A relative of the musical Passion is the custom of setting the text of Stabat Mater to music.

===English===
In the English repertoire, the two classics are The Crucifixion (1887) by Sir John Stainer and Olivet to Calvary (1904) by John Henry Maunder. Other works include Sir Arthur Somervell's The Passion of Christ (1914), Charles Wood's St Mark Passion (1921) and Eric Thiman's The Last Supper (1930).

More recent examples include James MacMillan's Seven Last Words from the Cross (1993), the Passion According to St. Matthew (1997) by Mark Alburger, The Passion According to the Four Evangelists by Scott King The Passion and Resurrection According To St. Mark (2015/2017) by Christian Asplund, and St. Mark Passion (2024) by Douglas Balliett.

Andrew Lloyd Webber's Jesus Christ Superstar (book and lyrics by Tim Rice), and Stephen Schwartz's Godspell both contain elements of the traditional passion accounts. Another modern version is by Adrian Snell (1980). Peter Gabriel's score to Martin Scorsese's 1988 film the Last Temptation of Christ was released as an album under the title Passion: Music for The Last Temptation of Christ.

===German===
German Passion cantatas include Der Tod Jesu (1755), with text by Karl Wilhelm Ramler and music by Georg Philipp Telemann, Carl Philipp Emanuel Bach, and by Carl Heinrich Graun, and the Passion Cantatas Die letzten Leiden des Erlösers (1770), with text by various people and music by Carl Philipp Emanuel Bach (taken largely from his St Matthew Passion of 1769) and Gottfried August Homilius's cantata Ein Lämmlein geht und trägt die Schuld HoWV 12 (1775). A later example is Das Sühnopfer des neuen Bundes by Carl Loewe (1847). In Danish there are also passion cantatas with music by the Bach critic Johann Adolf Scheibe to the text, Vor Harpe er bleven til Sorrig by Johannes Ewald, and the Sørge-Cantata ved Christi Grav Herrens Salvede, som var vor Næses Aand by the same librettist and composer.

===Latin===
Stanzas of the medieval hymn Salve mundi salutare – also known as the Rhythmica oratio –, a poem formerly ascribed to St. Bonaventure or Bernard of Clairvaux, but now thought more likely to have been written by medieval poet Arnulf of Leuven (died 1250) was arranged as a cycle of seven cantatas in 1680 by Dieterich Buxtehude, Membra Jesu Nostri. Franz Liszt included an arrangement of Paul Gerhardt's O Haupt voll Blut und Wunden in the sixth station of his Via crucis (Stations of the Cross), Saint Veronica wipes the Holy Face.

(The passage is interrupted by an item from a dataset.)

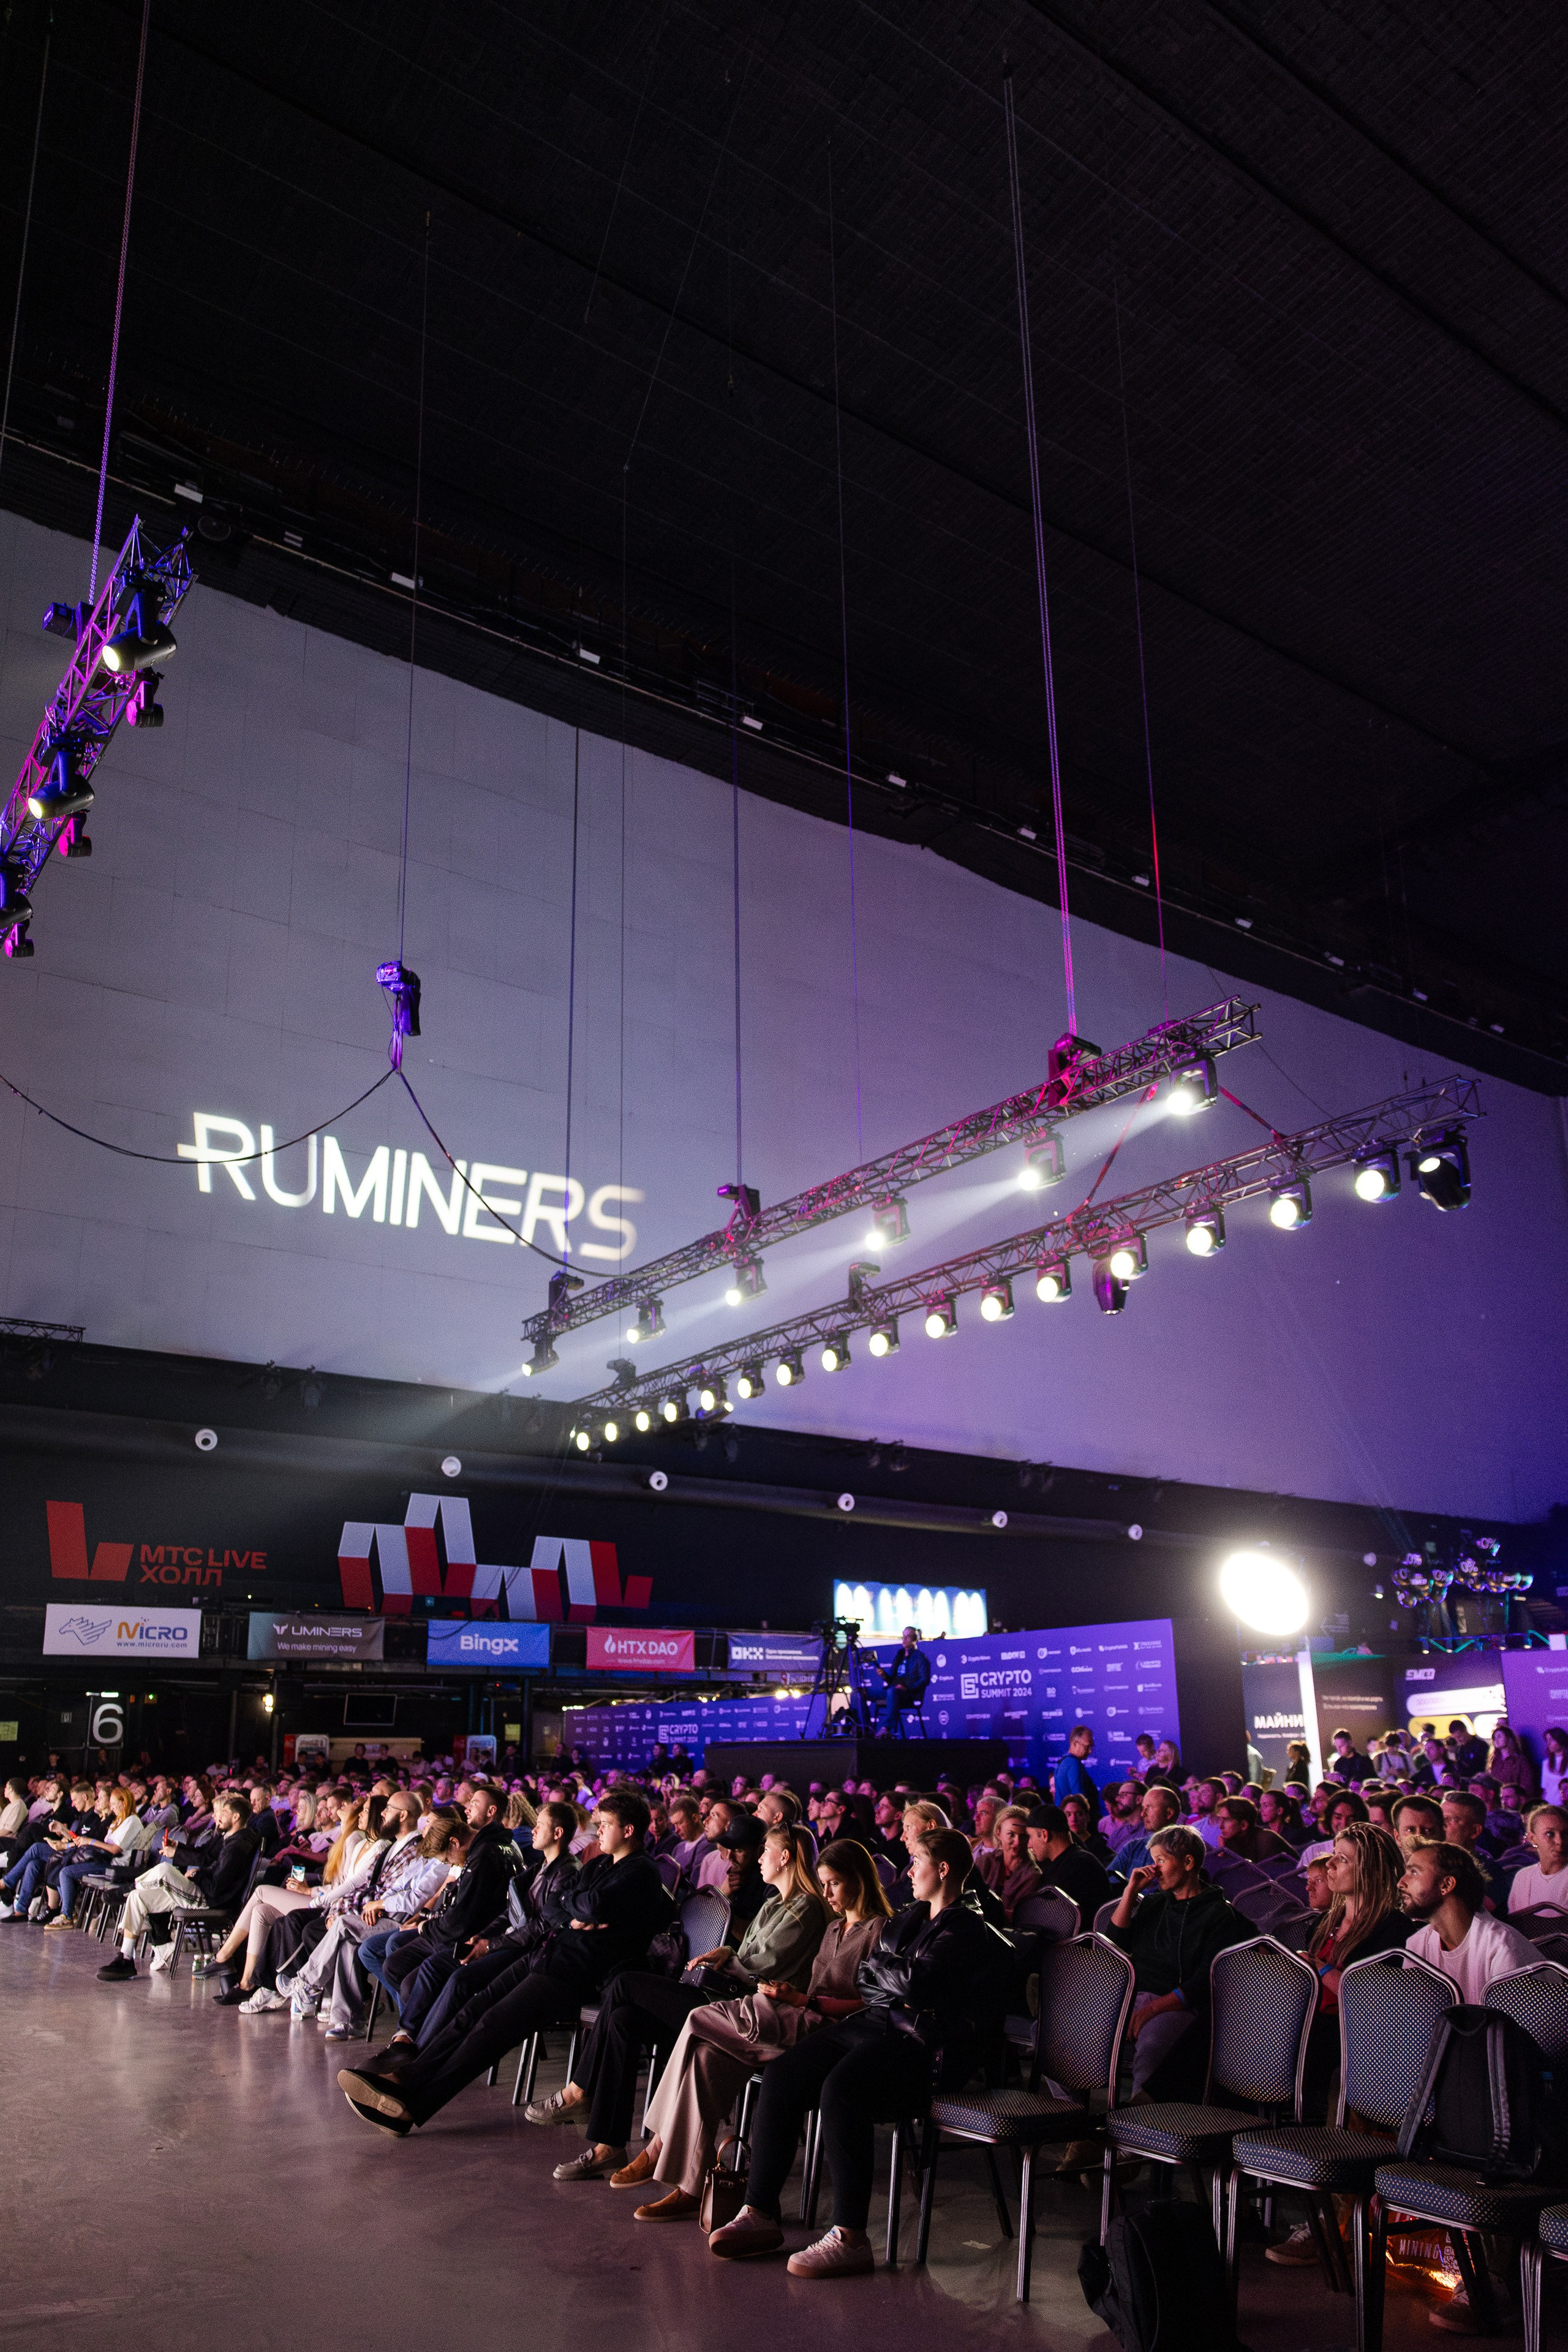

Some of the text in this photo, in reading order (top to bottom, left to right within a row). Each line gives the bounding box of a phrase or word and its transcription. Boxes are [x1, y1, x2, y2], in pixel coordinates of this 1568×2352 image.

A notable work in Latin is Arvo Pärt's Passio Domini Nostri Jesu Christi secundum Joannem (The Passion of Our Lord Jesus Christ according to John) of 1982.

===Other===
- St. Luke Passion (1966) of Penderecki
- Passion Cantata "Vor Harpe er bleven til Sorrig" with text by Johannes Ewald and music by the Bach critic Johann Adolf Scheibe,
- Sørge-Cantata ved Christi Grav "Herrens Salvede, som var vor Næstes Aand" by the same librettist and composer.